◆ **SUPPLIED DATA**:
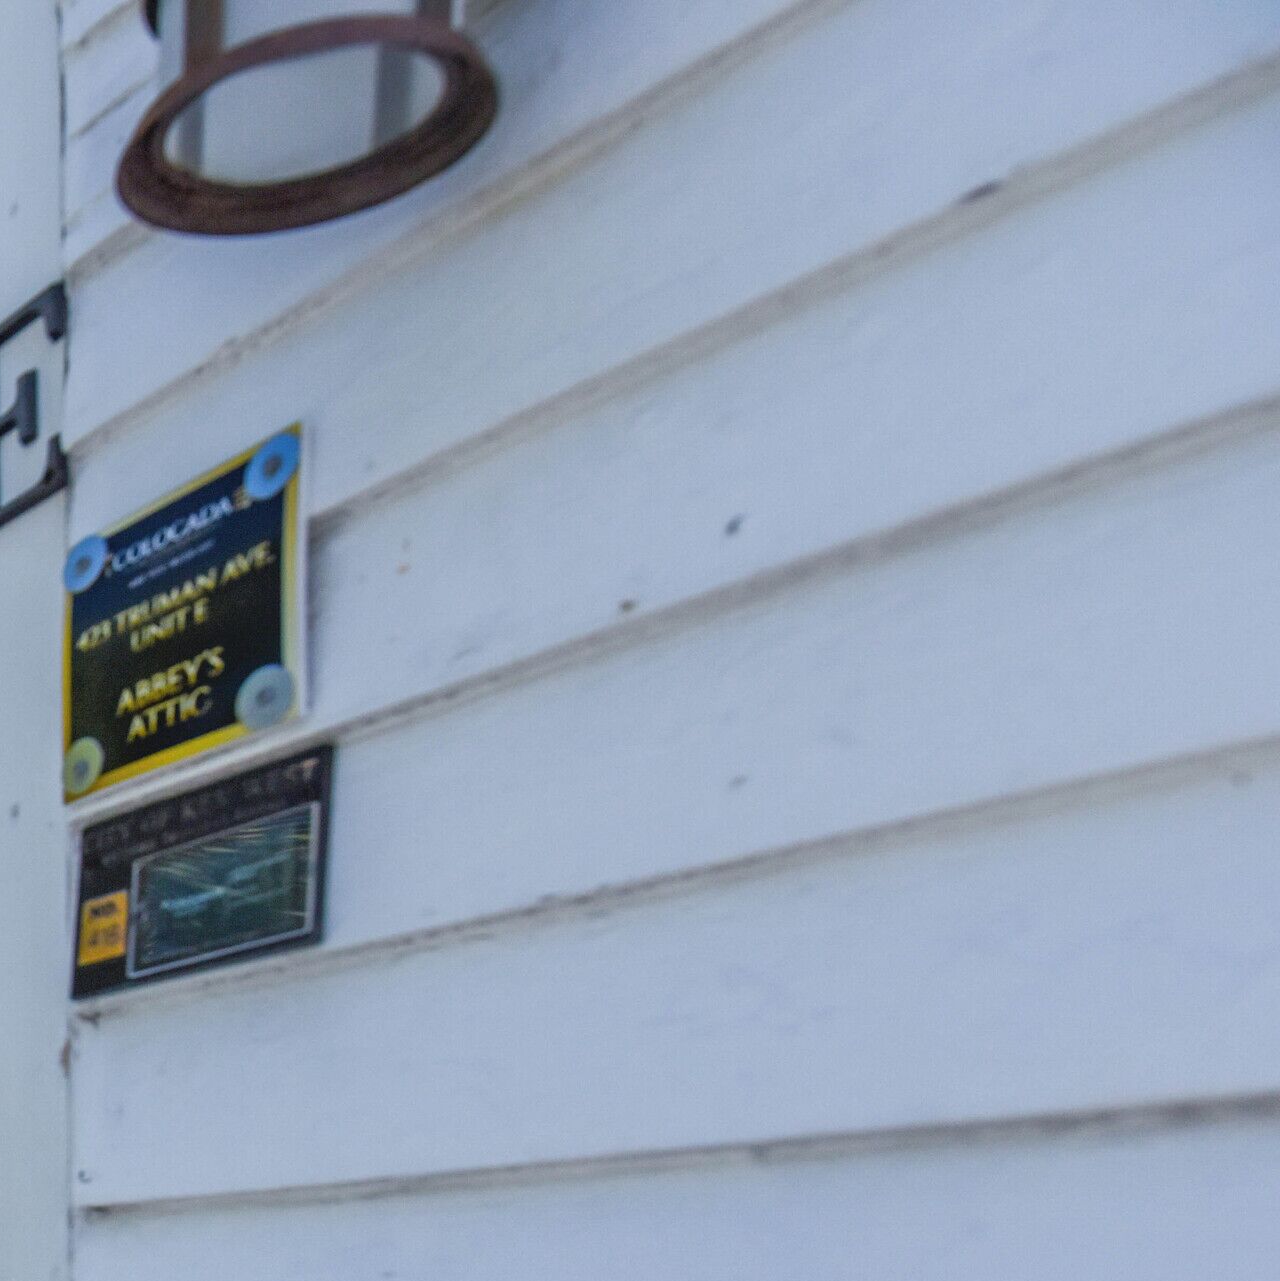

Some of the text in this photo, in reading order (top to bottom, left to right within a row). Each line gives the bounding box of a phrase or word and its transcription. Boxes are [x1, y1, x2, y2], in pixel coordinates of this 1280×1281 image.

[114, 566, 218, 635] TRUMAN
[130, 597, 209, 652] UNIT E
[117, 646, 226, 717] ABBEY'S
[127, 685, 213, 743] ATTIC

◆ **TRY IT**:
Could you return the listing above exactly, minus its pictures?

◆ **EXERCISE RESULT**:
Some of the text in this photo, in reading order (top to bottom, left to right within a row). Each line gives the bounding box of a phrase or word and its transcription. Boxes are [x1, y1, x2, y2], in pixel coordinates of this 1280×1281 image.

[114, 566, 218, 635] TRUMAN
[130, 597, 209, 652] UNIT E
[117, 646, 226, 717] ABBEY'S
[127, 685, 213, 743] ATTIC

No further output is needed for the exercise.